Enough about the car for now!  We had 48 hours in Chicago and I put Bluebell out of my mind for the time being.  Here’s a photo of the Old Chicago Inn at Christmastime.

old chicago inn

It’s an Art Deco-era inn and I was very grateful that Lynn had booked two rooms instead of one.  The small rooms were…small, but they were en suite.  For you Americans, that means they included a bathroom.  The larger rooms shared a bathroom in the hallway.

Our innkeeper was David, and he informed us he was from Kentucky—or “Kaintucky” as he pronounced it.  David turned out to be one of the best things about our brief time in Chicago.

He gave us a couple $10 off vouchers for the restaurant next door, which turned out to be a Key West-themed karaoke bar.  We ordered a couple sandwiches and beers and sat back to watch the show. We must have raised the average age in there by 20 years; duos and trios of inebriated 20-somethings were sang while others danced.  They sang and danced badly, but with a lot of heart.  It was good for a few laughs.  I’m sure Lynn could have stayed out later but I just wanted to lie down.  I know I’m drained when I pass up a second beer on vacation.

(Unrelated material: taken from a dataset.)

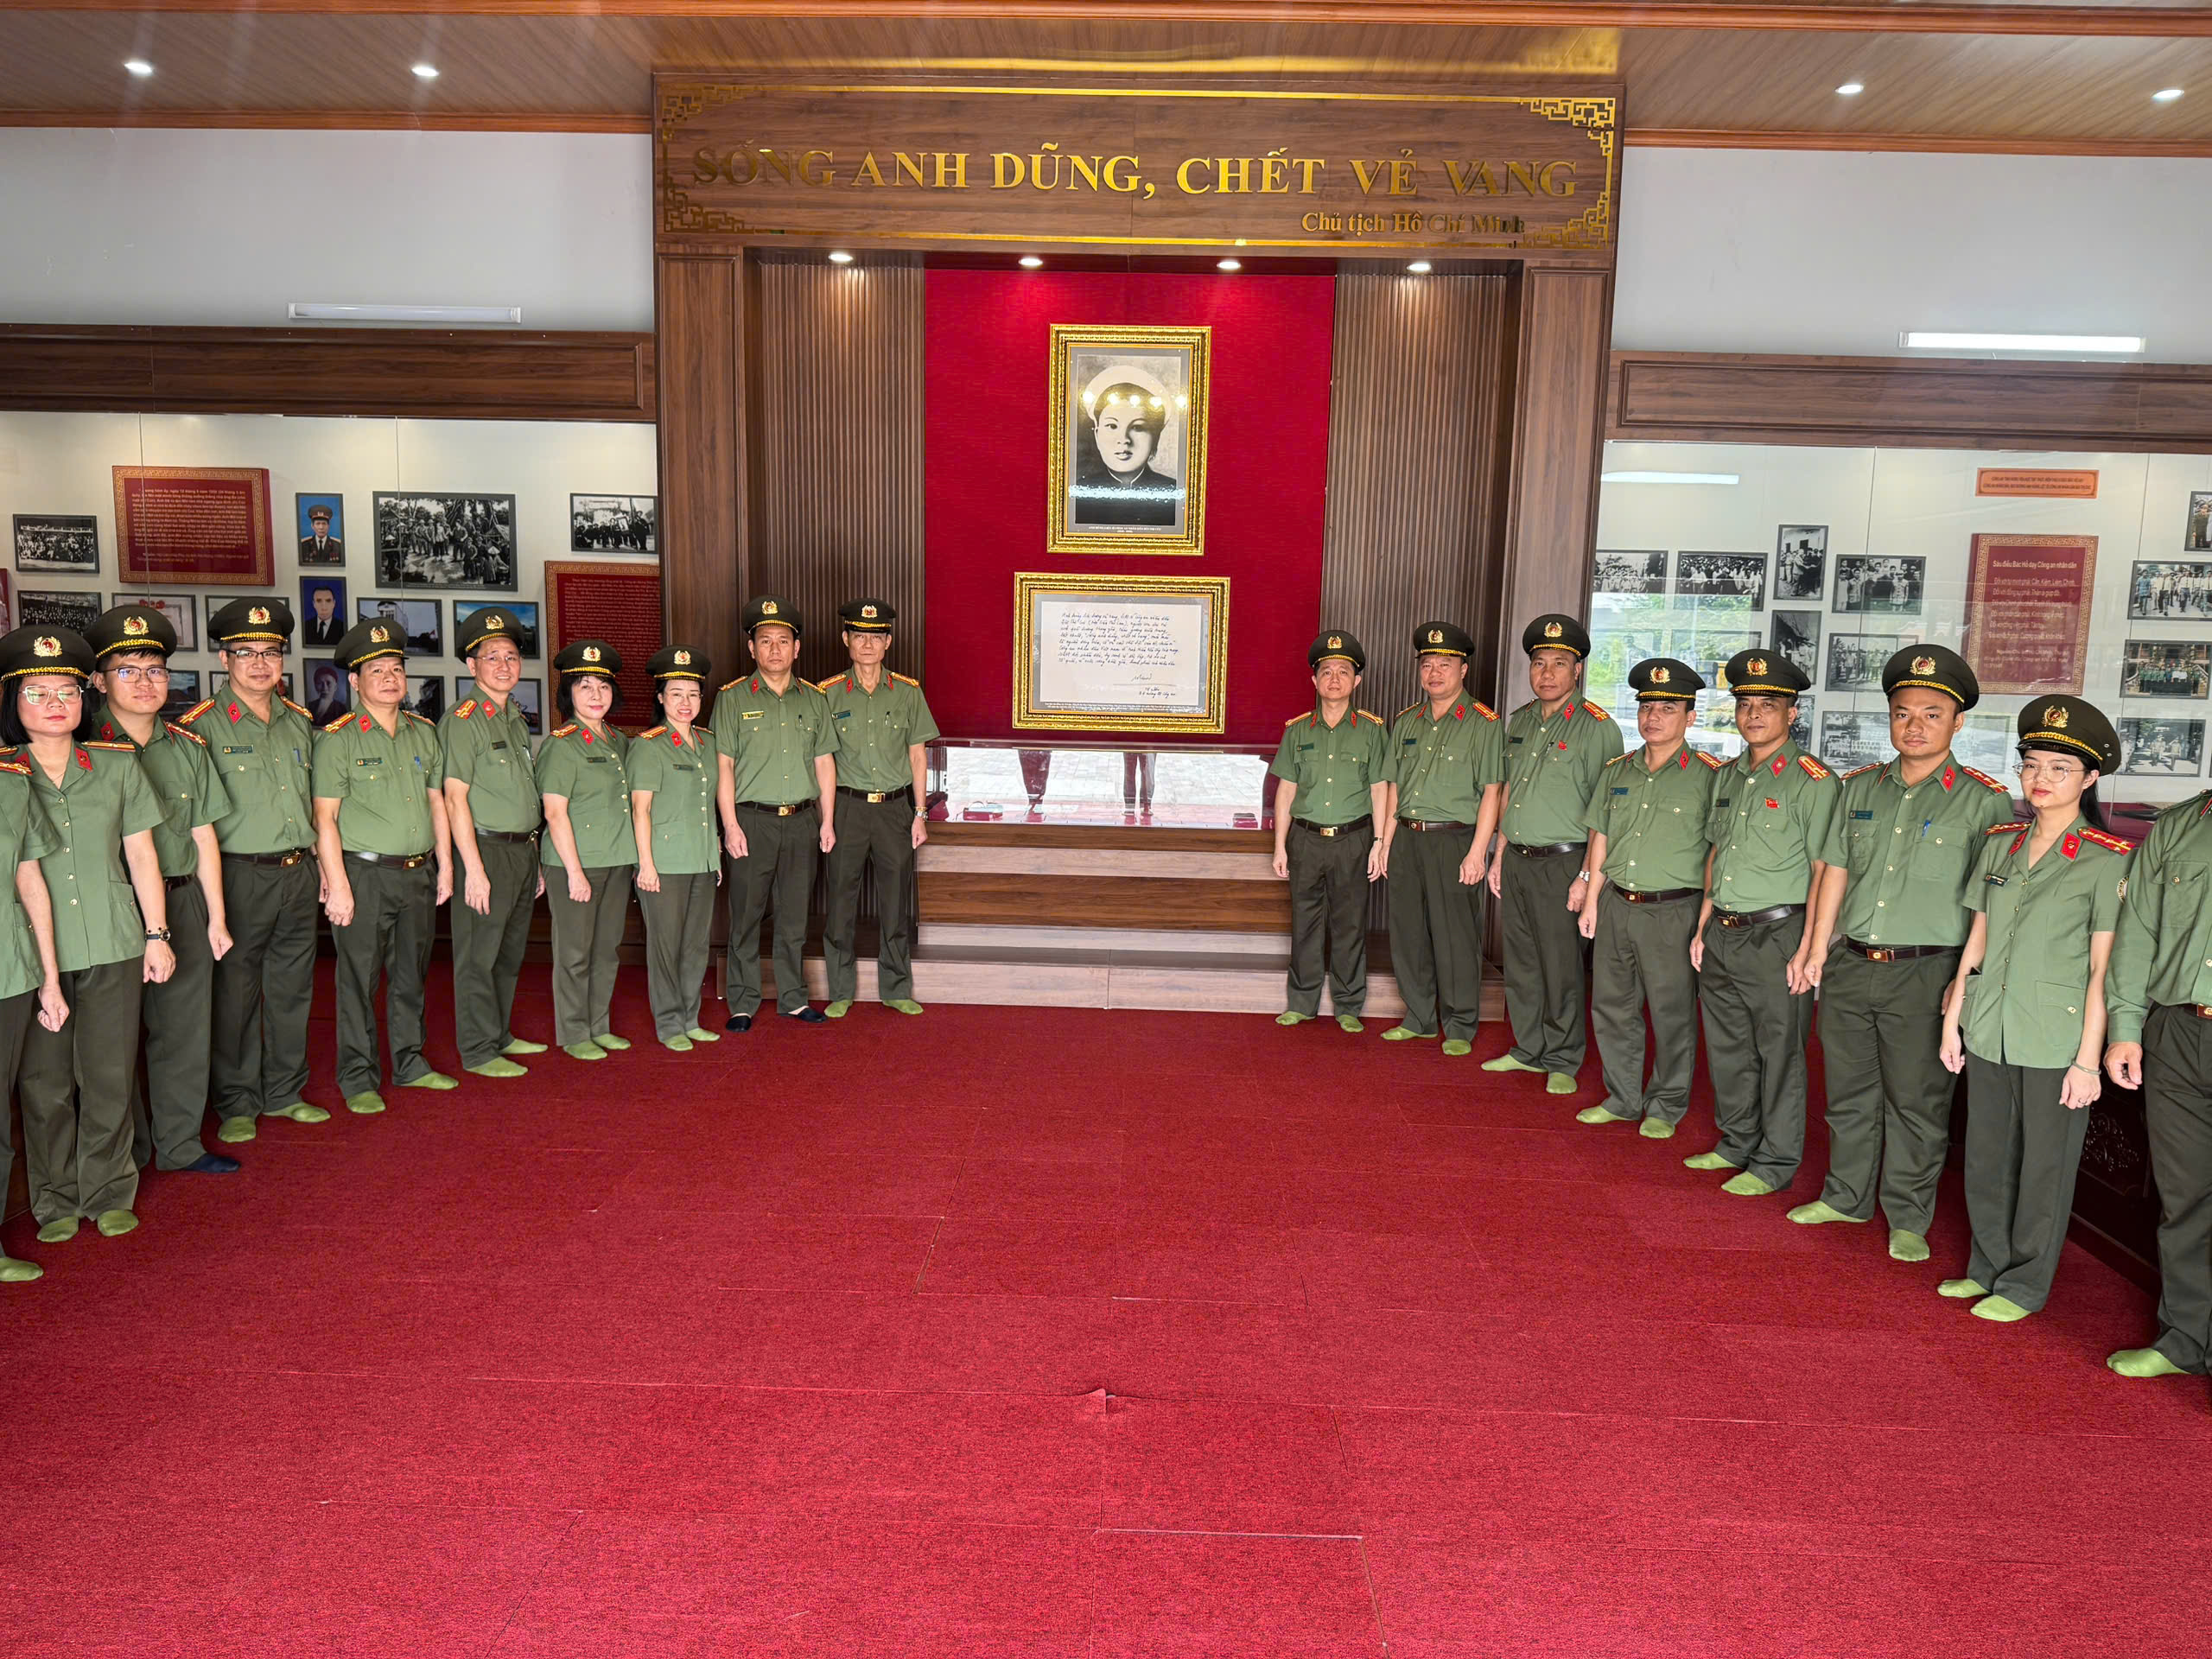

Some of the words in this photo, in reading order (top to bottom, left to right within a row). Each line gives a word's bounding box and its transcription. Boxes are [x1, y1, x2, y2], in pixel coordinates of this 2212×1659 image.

The population of the Chicago metropolitan area is almost 10 million. It’s a bustling, busy place full of skyscrapers, art, industry, tourists, and music.  They love their deep dish pizzas and baseball. It’s known as the Windy City, and for good reason. Chicago is perched on Lake Michigan, one of the Great Lakes, and the wind is ferocious. I think of Chicago as like a merger of New York and Minneapolis.  A big city with a Midwestern vibe.

Lynn and I had breakfast in the basement of the inn, which had originally been a speakeasy.  A speakeasy was a secret, illegal bar during prohibition, when alcohol was illegal in the U.S. from 1920 to 1933. It’s hard to believe, today, that we ever attempted to ban booze.  Of course prohibition was a huge fail. My great grandfather went to federal prison for two years because he tried to steal liquor out of a government warehouse where they stored confiscated alcohol. He owned a restaurant and his business had tanked when he could no longer serve drinks. This was in Kentucky, and I mentioned it to David, our innkeeper.

“My grandmother was from Covington, Kentucky,” I said.  “She always referred to it as ‘down home.’”  I didn’t mention that she also called black people “coloreds.”

David was one of those people who knows a lot about a lot of things and appreciates a captive audience.  He didn’t acknowledge my comment but launched into a story about his “mama” and Miss Rose, a neighbor of theirs in Kentucky.  David was probably approaching 60.  He was gaunt, missing a tooth, and wore Malcom X glasses.

I’m conscious as I write this that you’ll know David was white without me having to write it.  I’ve probably done this a hundred times in this blog, but this road trip was packed with interactions around race, so maybe it’s good I’ve caught myself.

David stood between us and the door and talked about his mama and Miss Rose and the antebellum (pre-Civil War) house he’d grown up in.  He described the closets which were designed to store hoop skirts and fancy ladies hats, and how they went to the Kentucky Derby every year.  Normally I can’t stand this kind of person who talks on and on and never asks you a question about yourself. But David was just a lovable guy.

We finally broke away and walked over to the Belmont station to take the train downtown.  Lynn asked me what “downtown” and “uptown” meant.

“Downtown is what you would call the High Street,” I explained.  I wasn’t sure about the term uptown.

We arrived downtown and the first thing we saw was Trump Tower.  We instinctively turned to each other and exclaimed, “Blech!!”